Abandono de menor versus planejamento familiar


Pobreza e falta de planejamento familiar estão entre as principais causas do abandono de crianças

O Brasil precisa abrir os olhos para o que finge ser invisível.

Por Claudio Carneiro

As câmeras de um circuito de segurança flagram uma mulher abandonando um bebê em alguma lixeira da cidade de Praia Grande, no litoral de São Paulo. Pune-se o ato: algemas, prisão, condenação. O crime de abandono de incapaz está previsto no artigo 133 do código penal brasileiro. Dependendo das consequências, a pena pode ser de seis meses a 12 anos de prisão.

O que as câmeras não mostram, no entanto, deflagra uma discussão que muitos setores do país – partidos políticos, igreja, imprensa e autoridades – tentam evitar a qualquer custo.
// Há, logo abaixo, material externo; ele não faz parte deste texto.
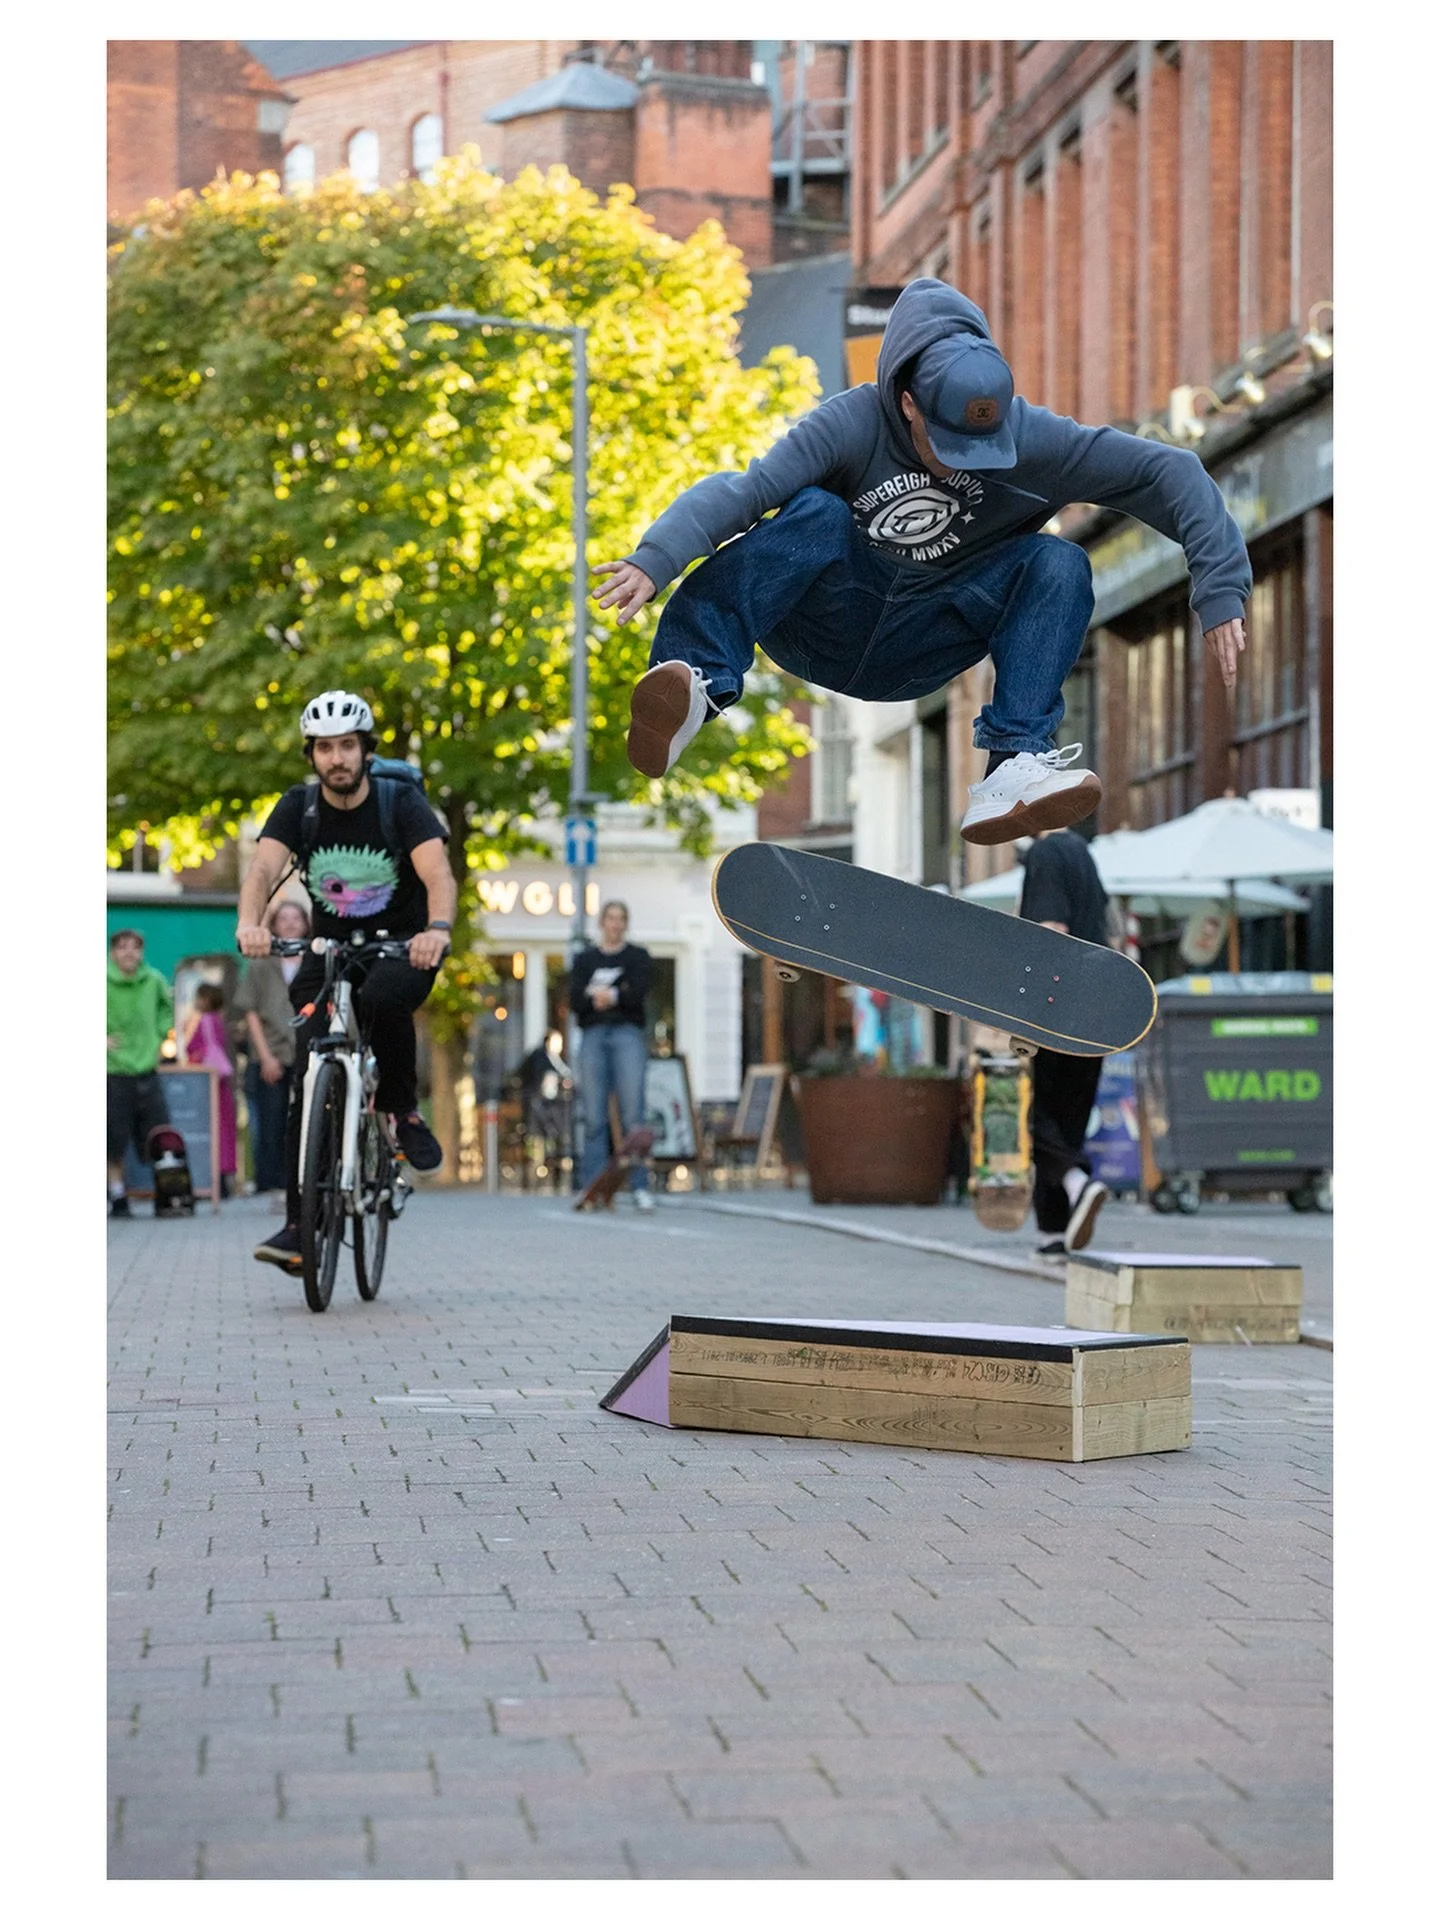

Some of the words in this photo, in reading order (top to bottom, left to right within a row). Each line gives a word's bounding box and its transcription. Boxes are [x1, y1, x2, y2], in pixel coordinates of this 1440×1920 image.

[852, 472, 931, 513] SUPEREIGH
[911, 531, 961, 561] MMXV
[1203, 1069, 1322, 1102] WARD
Pobreza, miséria, gravidez na adolescência e falta de planejamento familiar estão entre as principais causas do abandono das crianças e adolescentes no Brasil. São assuntos tão desconfortáveis quanto um elefante na sala. Um paquiderme gigantesco que fingimos não enxergar.

O discurso contra o planejamento familiar no Brasil aparece – proposital e erroneamente – agregado à ideia de aperfeiçoamento e melhoria étnica. Integrante do Núcleo de Saúde e Sexualidade de Brasília e coordenadora do Núcleo de Estudos em Saúde Pública da Universidade de Brasília, a médica Ana Maria Costa lembra que tramitam no Congresso projetos de lei que buscam ampliar e avançar nas políticas. “Embora avançadas em seus princípios, conteúdos e diretrizes, as políticas públicas propostas pelo Executivo patinam no processo de sua implementação”, afirma. Segundo ela, o Estado tem sistematicamente recuado de suas obrigações — definidas pela Constituição — como provedor de assistência à saúde dos brasileiros, universal e equânime.

A pedagoga Rosely Poletto lembra em artigo que “a História conta de forma bondosa e humana o episódio em que Moisés foi abandonado num cesto ao longo do rio Nilo e criado por uma princesa com valores nobres. Daí por diante os recém-nascidos abandonados não têm tido a mesma sorte”. A partir do século XVII, o terrível hábito de abandonar recém-nascidos em ruas desertas, em matagais ou à beira das marés cresceu tanto que as igrejas decidiram criar as ”rodas do abandono” ou ”rodas dos expostos”, prática – iniciada na Itália – que amenizaria o problema social. No Brasil, as primeiras “rodas” das Santas Casas de Misericórdia, em Salvador – em 1726 – e no Rio de Janeiro – em 1738 – salvaram, de fato, crianças da morte, mas provocaram o aumento do número de abandonos e a certeza da impunidade.

O médico Dráuzio Varella teme que o avanço neste tema passe pela classe política, que morre de medo de contrariar a igreja. “Agem como se o planejamento familiar fosse uma forma de eugenia para nos livrar dos indesejáveis, quando se trata de uma aspiração legítima de todo cidadão”, escreve. E mais: “O planejamento familiar no Brasil é inacessível aos que mais necessitam dele. Os casais da classe média e os mais ricos, que podem criar os filhos por conta própria, têm acesso garantido a preservativos de qualidade, pílula, injeções e adesivos anticoncepcionais, DIU, laqueadura, vasectomia e, em caso de falha, ao abortamento”. Corajosamente, ele afirma que no Brasil o aborto só é proibido para a mulher que não tem dinheiro.

Varella publicou artigo sobre o planejamento familiar e destaca que este é um “privilégio exclusivo dos bem-aventurados”. No texto, ele lembra que, durante a ditadura militar no Brasil, por diferentes motivos, governo, igreja e “os comunistas” eram contrários ao planejamento familiar. Os primeiros – no sonho da integração nacional – precisavam ocupar os espaços vazios no centro-oeste e na Amazônia. Os segundos, por serem contra o uso de métodos contraceptivos. Enquanto os terceiros acreditavam, tolamente, que o crescimento populacional exporia os erros do capitalismo, abrindo caminho para um governo de esquerda.